Molecular pathogenesis of mucosal-associated lymphoid tissue (MALT) lymphoma.

Extranodal marginal zone B-cell lymphomas of mucosal-associated lymphoid tissue (MALT)-type occur in a number of anatomic sites, but share overlapping morphological and immunophenotypic features. Helicobacter pylori infection has been identified as an etiological factor in gastric MALT lymphoma, but the cause of MALT lymphomas at other sites remains a matter of speculation. Despite these limitations in understanding the etiology of MALT lymphoma, standard cytogenetic analysis has proved useful by demonstrating similar alterations in MALT lymphomas from different anatomic sites. The common cytogenetic alterations that characterize MALT lymphomas include t(11:18)(q21:q21), t(1;14)(p22;q32) and, more recently, t(14;18)(q32;q21).
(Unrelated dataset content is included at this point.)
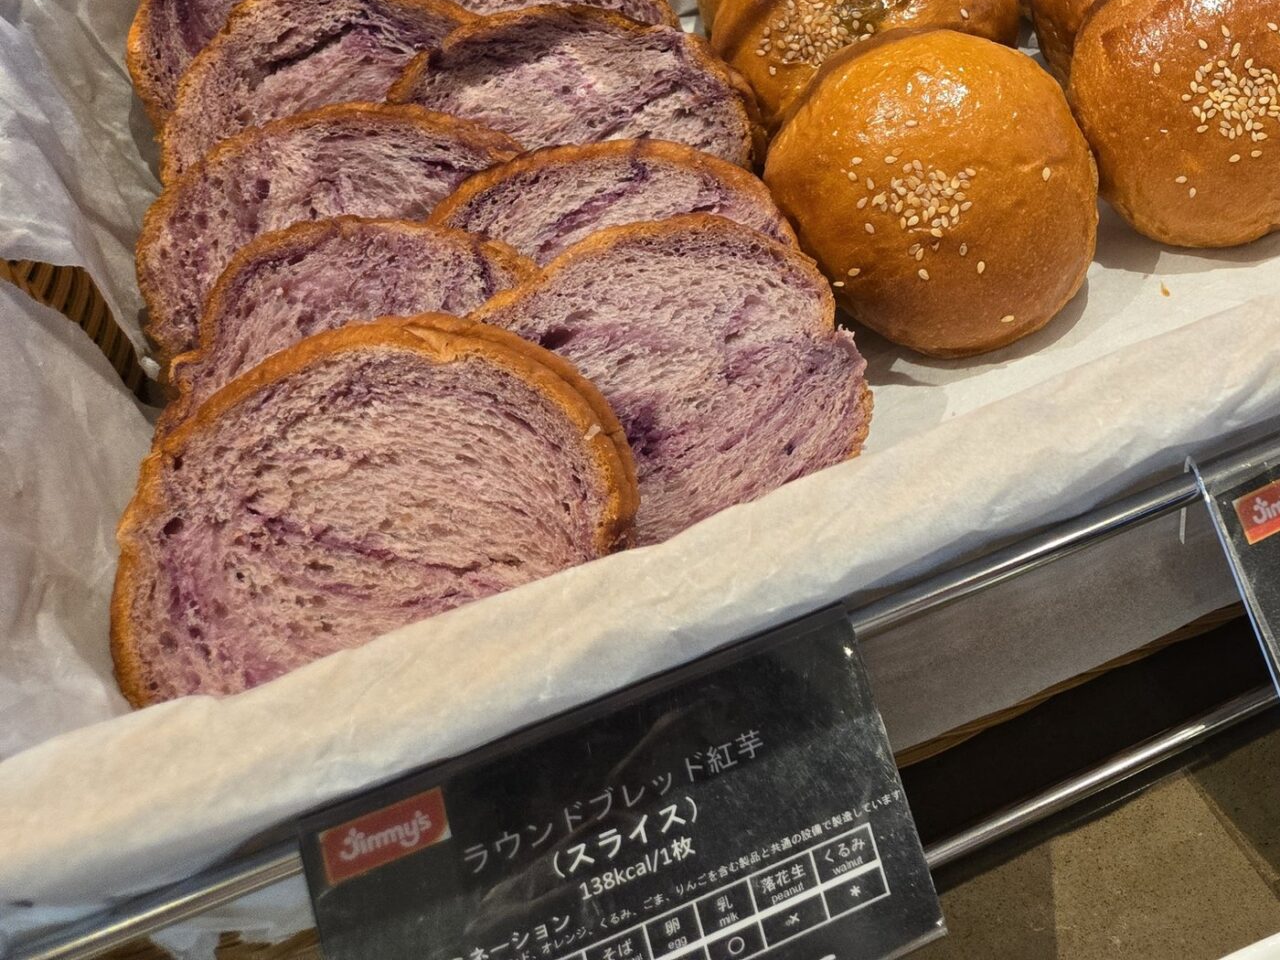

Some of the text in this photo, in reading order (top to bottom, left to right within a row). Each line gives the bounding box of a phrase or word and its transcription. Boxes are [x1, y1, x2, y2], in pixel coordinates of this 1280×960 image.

The apparent complexity of the cytogenetic alterations that have now been implicated in the pathogenesis of extranodal MALT lymphoma serves as a paradigm for molecular cross talk in neoplastic disease. Recent data have shown that these very disparate translocations affect a common signaling mechanism, and thus unify all three under a common pathogenesis, resulting in the constitutive activation of the NF-kappaB pathway.